9 AI Search Engines to Know

Artificial intelligence is shaking up the online search experience.

Written by Ellen Glover
Published on Jun. 24, 2024
9 AI Search Engines to Know
Image: Shutterstock

Generative AI has transformed online search, introducing a new generation of search engines that answer questions with short overviews rather than the conventional list of blue links. Industry leaders like Google and Bing are swiftly integrating AI across their platforms, striving to keep pace with rising stars like Perplexity and You.com. But the full potential of the AI-powered search engine is still unfolding, offering both great promise and serious risks.

Top AI Search Engines

  • Google
  • Bing
  • Perplexity
  • Brave Search
  • You.com

What Is an AI Search Engine?

AI search engines use artificial intelligence — specifically, methods like natural language processing (NLP) and machine learning — to better interpret context and understand the user intent behind each search query, with the goal of delivering more relevant results. In practice, that looks like generating concise, plain-language summaries of information gathered from across the web, in addition to — or instead of — pointing users to different websites.

“It’s not giving you links on a page,” digital marketing consultant Jordan Stevens told Built In. “It’s giving you one single answer.”

AI search engines resemble AI chatbots: They’re conversational and can answer questions in a fluent, human-like way. But unlike most chatbots, AI search engines have real-time access to the internet, allowing them to provide more comprehensive and current information. This positions them as a challenger to not only the incumbents, but also popular chatbots like ChatGPT.

 

9 AI Search Engines to Know

1. Google

Google is the most popular search engine in the world, controlling about 90 percent of the search market. The company began overhauling its site in 2023, and has since implemented artificial intelligence into virtually every part of its search process, using its Gemini model. Google’s AI Overviews provide an AI-generated summary of several of the top search results on the page, giving users a general sense of the answer to their query, along with links to resources for additional information. And Google’s planning tool can create anything from a meal plan to a vacation itinerary based on a single query; it even uses Gemini to populate and organize users’ search results on the page.

Price: Free

2. Bing

Bing is the second-most-popular search engine behind Google, accounting for nearly 4 percent of total search volume globally. Developed by Microsoft, Bing is powered by OpenAI’s GPT-4 large language model (LLM). In addition to its standard text-, voice- and image-based search capabilities, the platform comes with a conversational chat feature called Copilot, where users can ask questions and get detailed, human-like responses in return, plus line-by-line article citations.

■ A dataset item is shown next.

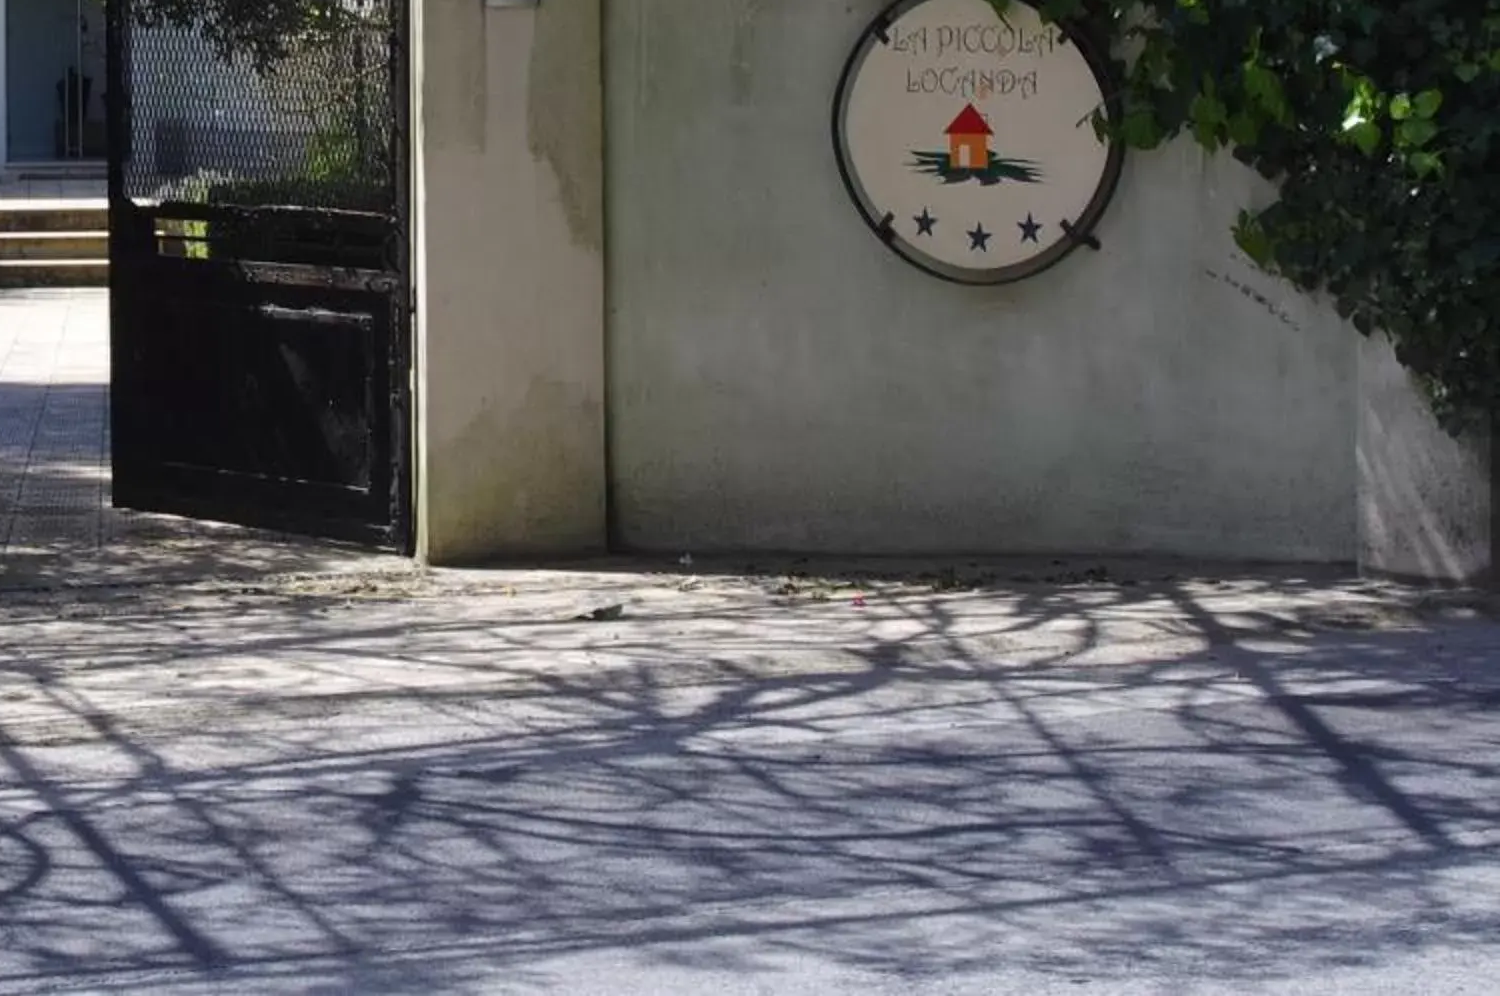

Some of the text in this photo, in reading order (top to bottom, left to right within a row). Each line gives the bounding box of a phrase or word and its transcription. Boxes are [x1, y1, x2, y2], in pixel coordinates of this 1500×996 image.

[893, 23, 1054, 57] LA PICCOLA
[906, 65, 1038, 99] LOCANDA

Copilot also comes with a vacation-planning feature, a cooking assistant, an AI image generator and a tool that answers fitness-related questions.

Price: Free

3. Perplexity

Launched in 2022, Perplexity provides AI-generated summaries of search results, with links to sources in a panel at the top and a list of follow-up questions at the bottom — similar to Google’s “people also ask” feature. It also allows users to narrow their search to a specific set of sources, like YouTube videos or Reddit posts. Perplexity’s free version runs on OpenAI’s GPT-3.5 LLM and its own AI model. Users who upgrade to the Pro version can choose between several other models too, including GPT-4 and Anthropic’s Claude 3

Price: Free, with a more advanced Pro version available for $20/month.

4. Brave Search

Brave Search is marketed to privacy-conscious users, as it does not collect any personal information or search history. Like many other AI search engines, Brave Search provides quick, AI-generated insights in response to any natural language query, but it doesn’t rely on major search engines like Google or Bing to do so. Instead, the company says its answers are based on its own independent search index, claiming that this removes the “bias” and “censorship” that can come with “big tech’s SEO spam.” While Brave Search is free to use on any web browser, it also offers its own free companion browser that blocks trackers from collecting users’ data across the web.

Price: Free

5. You.com

You.com says it’s the first search engine to integrate a consumer-facing LLM with real-time access to the internet, and that it was also the first to introduce multimodal chat capabilities to its interface. The platform functions more as an AI assistant than a standard search engine, and it comes in several different “modes,” ranging from Smart (for quick tasks like web searches and content creation) to Create (for image generation). It also offers a Private mode, where it doesn’t store users’ search activity or IP address.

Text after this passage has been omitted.